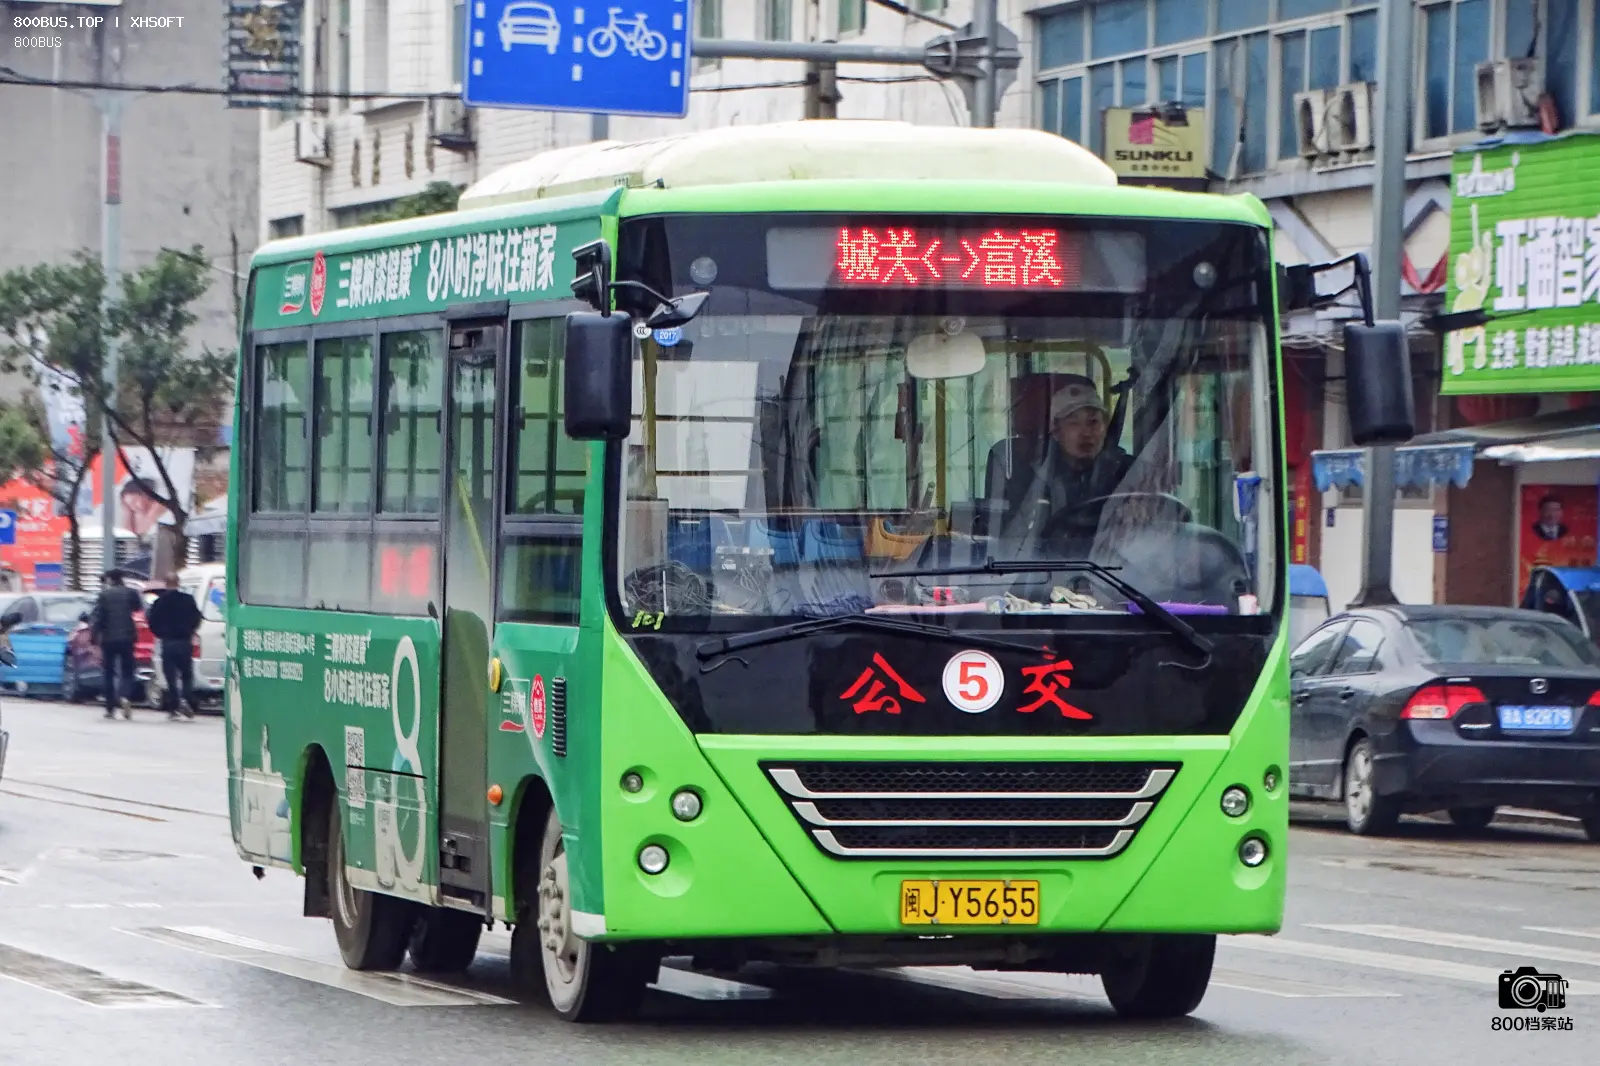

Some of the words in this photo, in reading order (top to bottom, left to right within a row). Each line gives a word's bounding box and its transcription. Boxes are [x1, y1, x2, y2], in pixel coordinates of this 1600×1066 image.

[427, 224, 557, 302] 8小时净味住新家
[660, 331, 677, 340] 2017
[839, 652, 926, 714] 公
[958, 661, 989, 701] 5
[1016, 645, 1093, 719] 交

======

#### What is being asked:
Without carrying over any pictures, retype the records above exactly.

#### Written answer:
Some of the words in this photo, in reading order (top to bottom, left to right within a row). Each line gives a word's bounding box and its transcription. Boxes are [x1, y1, x2, y2], in pixel coordinates of this 1600×1066 image.

[427, 224, 557, 302] 8小时净味住新家
[660, 331, 677, 340] 2017
[839, 652, 926, 714] 公
[958, 661, 989, 701] 5
[1016, 645, 1093, 719] 交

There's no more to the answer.